King Crimson’s roots go back to the trio Giles, Giles and Fripp, who played psychedelic and deeply humorous pop. The trio consisted of drummer Michael Giles (b.1942), his brother bassist Peter Giles (b.1944) and guitarist Robert Fripp (b.1946). The trio released an album in 1968, The Cheerful Insanity of Giles, Giles and Fripp, which was a complete commercial pancake.

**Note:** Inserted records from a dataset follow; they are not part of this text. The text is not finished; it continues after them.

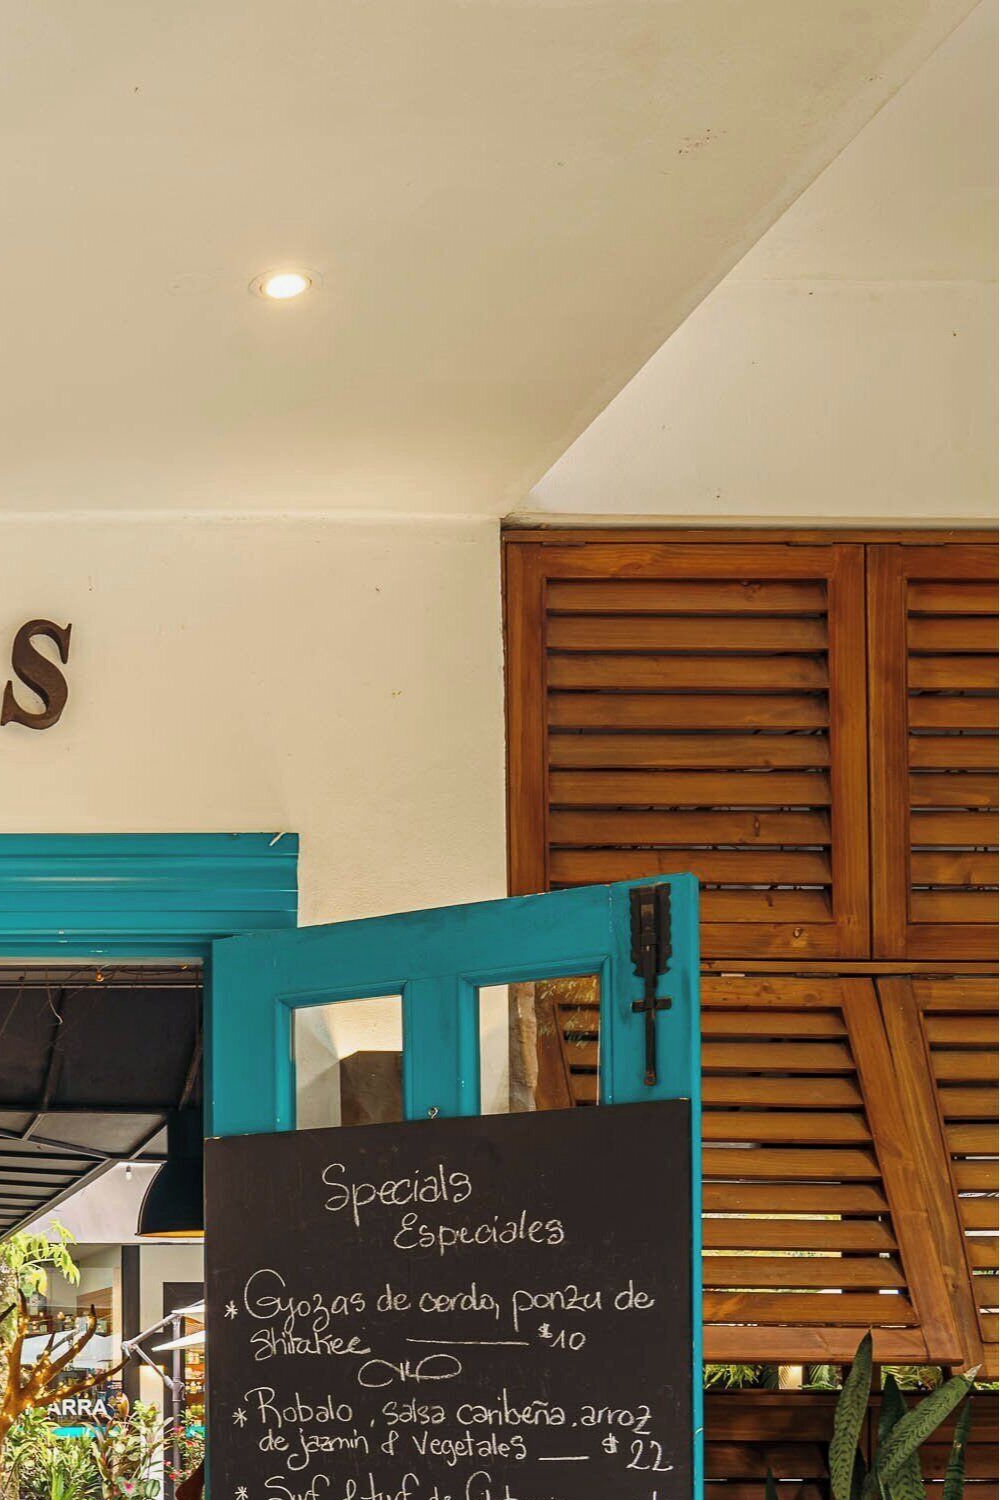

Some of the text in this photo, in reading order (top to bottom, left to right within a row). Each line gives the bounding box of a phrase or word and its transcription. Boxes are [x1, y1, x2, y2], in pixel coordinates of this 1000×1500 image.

[322, 1163, 473, 1227] Specials
[393, 1209, 565, 1257] Especiales
[244, 1268, 366, 1334] Gyozas
[377, 1283, 412, 1312] de
[511, 1284, 603, 1333] ponzu
[614, 1279, 656, 1310] de
[537, 1323, 586, 1350] $10
[581, 1405, 653, 1435] arroz
[259, 1429, 290, 1452] de
[381, 1430, 399, 1455] &
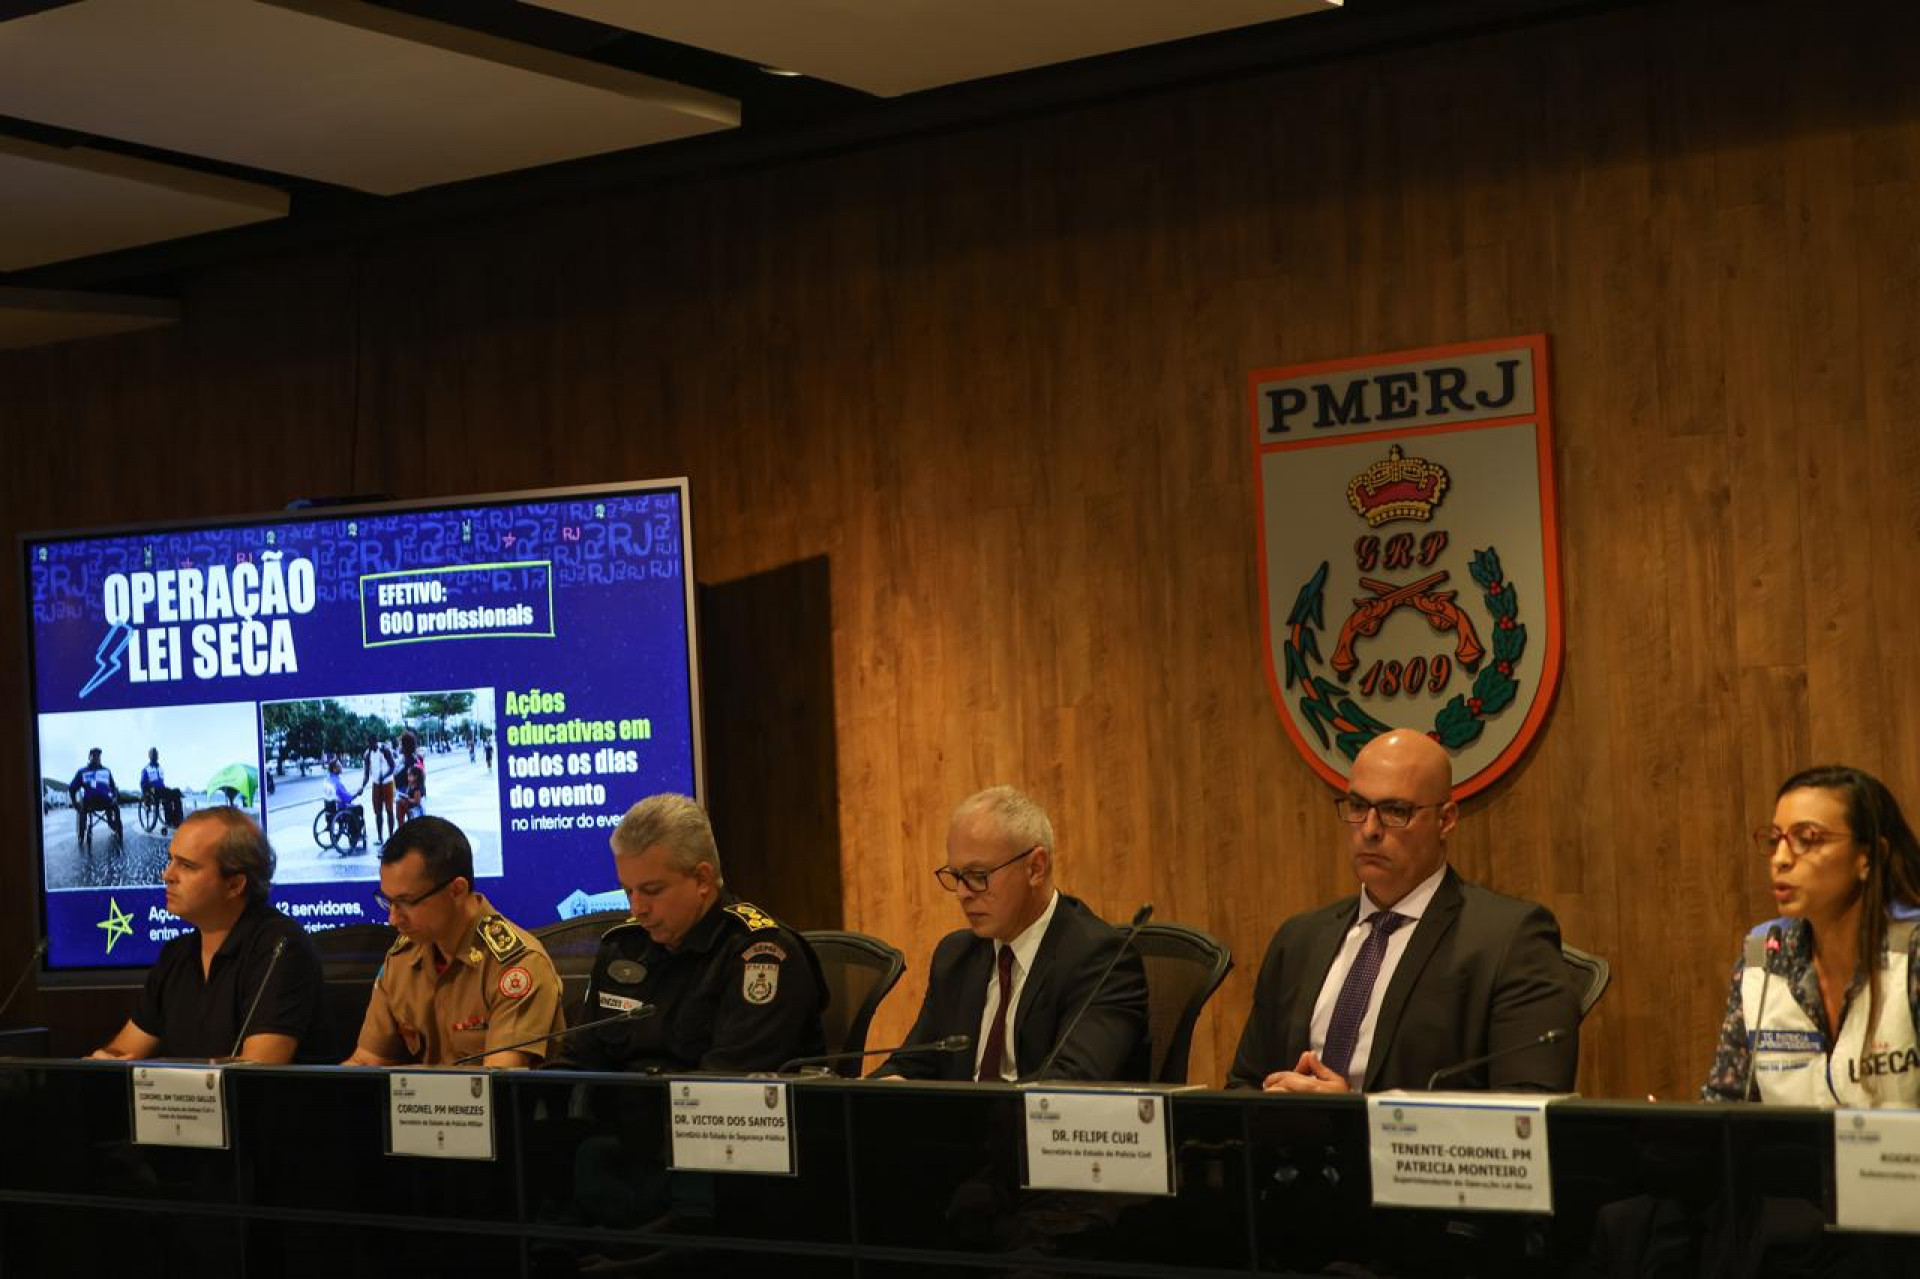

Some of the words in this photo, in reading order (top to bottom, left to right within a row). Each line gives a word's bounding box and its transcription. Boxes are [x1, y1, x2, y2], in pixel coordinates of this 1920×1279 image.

[1265, 359, 1522, 434] PMERJ
[563, 527, 580, 541] RJ
[608, 520, 652, 557] RJ
[1354, 531, 1449, 572] GRP
[103, 550, 316, 626] OPERAÇÃO
[377, 580, 448, 608] EFETIVO:
[379, 610, 414, 635] 600
[416, 603, 534, 633] profissionais
[129, 626, 182, 683] LEI
[191, 618, 298, 679] SECA
[1358, 654, 1452, 697] 1809
[505, 688, 566, 720] Ações
[506, 718, 617, 746] educativas
[618, 718, 651, 740] em
[507, 751, 565, 779] todos
[567, 752, 592, 776] os
[594, 748, 639, 774] dias
[509, 784, 535, 809] do
[538, 783, 607, 809] evento
[511, 818, 529, 831] no
[531, 813, 575, 830] interior
[576, 813, 595, 829] do
[291, 900, 365, 918] servidores,
[397, 1104, 432, 1114] CORONEL
[434, 1105, 446, 1114] PM
[448, 1105, 484, 1115] MENEZES
[674, 1114, 689, 1125] DR.
[692, 1115, 725, 1126] VICTOR
[727, 1116, 746, 1126] DOS
[748, 1116, 785, 1127] SANTOS
[1052, 1129, 1070, 1142] DR.
[1072, 1129, 1108, 1144] FELIPE
[1111, 1131, 1139, 1145] CURI
[1391, 1142, 1508, 1160] TENENTE-CORONEL
[1512, 1148, 1532, 1161] PM
[1396, 1160, 1455, 1175] PATRICIA
[1458, 1163, 1527, 1178] MONTEIRO

Shortly after the first album, multi-instrumentalist (mainly winds and keyboards) Ian McDonald (1946-2022) joined the band. The extended Giles, Giles and Fripp tried to make a second album with singer Judy Dyble (McDonald’s girlfriend at the time), but with little interest from record companies, the band finally called it quits. Soon after, Michael Giles, Robert Fripp and Ian McDonald formed King Crimson, recruiting Fripp’s old friend Greg Lake (1947-2016) to replace Peter Giles as bassist-vocalist. The final line-up was completed by lyricist/visionary Peter Sinfield (b. 1943).

They were an unusually capable unit. It was not at all common at the time for the entire rock band to play at the level of King Crimson. It was more typical for bands to have one or two relatively skilled musicians and the others to stay in the background, playing perhaps with routine, but without any particular spark. In King Crimson’s first line-up, on the other hand, any one of the members was capable of taking their place in the spotlight in any situation. But instead of excessive soloing and egoism, the group also knew how to blow together seamlessly and play on the terms of their mercurial compositions.
The recording of the album began in earnest in the summer of 1969. A couple of attempts were made to make the album, working with Tony Clarke who had guided The Moody Blues before, but King Crimson were not happy with the initial recordings and Clarke was sent home. King Crimson were finally given the opportunity, rather unusually at the time, to produce the album themselves, entirely in accordance with their own vision.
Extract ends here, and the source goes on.